FESTAS, BARES, RESTAURANTE. O QUE SÃO EVENTOS ''SUPERDISSIMINADORES''?

Locais fechados e lotados, com comida e bebida - estas são as características que aumentam o risco de disseminação do vírus. Mesmo com máscara e distância social. A única medida eficaz é evitar estes eventos.

Festas são eventos "super-contangiosos"                      © Lillian SUWANRUMPHA / AFP

Meses após o início do surto de coronavírus, já são bem conhecidas as precauções a tomar: usar máscara, manter a distância de dois metros de outras pessoas, lavar bem as mãos. Apesar disto, as autoridades insistem em evitar os ajuntamentos e há atividades que continuam proibidas. Existe uma explicação: há eventos que são considerado "super-disseminadores" (superspreaders) pelos especialidades, pelo alto risco de contágio que implicam: festas de aniversário ou noitadas num bar, por exemplo - podem estar na origem de um grande número de casos de covid-19.

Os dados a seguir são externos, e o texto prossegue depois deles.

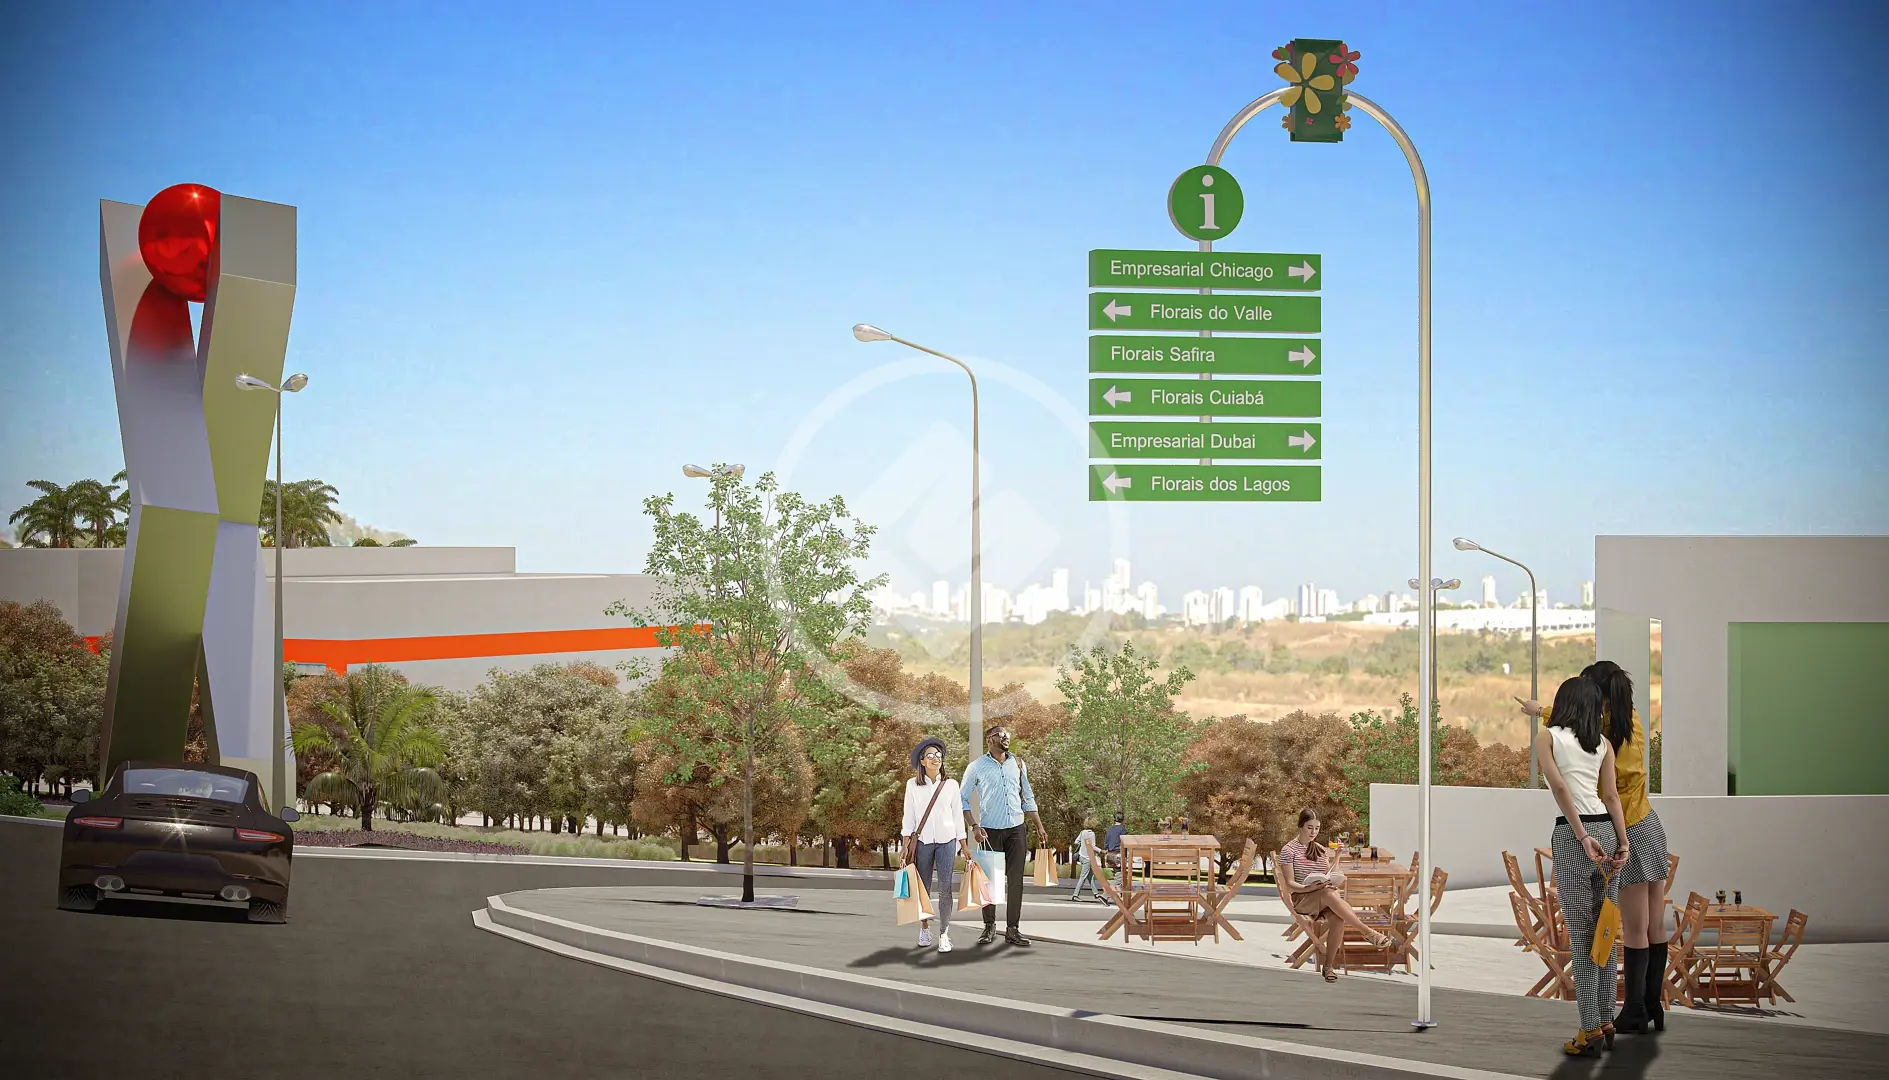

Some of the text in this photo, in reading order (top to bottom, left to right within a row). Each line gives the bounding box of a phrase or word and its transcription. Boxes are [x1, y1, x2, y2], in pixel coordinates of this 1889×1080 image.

A BBC pediu a Abraar Karan, médico especialista em saúde pública da Harvard Medical School, que analisasse três casos diferentes desde que o surto de covid-19 começou os EUA para explicar como alguns eventos podem ser "superdisseminadores".

O que é um evento "superdisseminador"?

Num evento super-disseminador, o número de infeções transmitidas será desproporcionalmente alto em comparação com a transmissão geral, diz Karan. Além disso, esse risco pode ainda aumentar na presença de pessoas "super-disseminadoras", que transmitem sua infeção mais amplamente, por estarem em contacto com mais pessoas ou por emitirem mais vírus.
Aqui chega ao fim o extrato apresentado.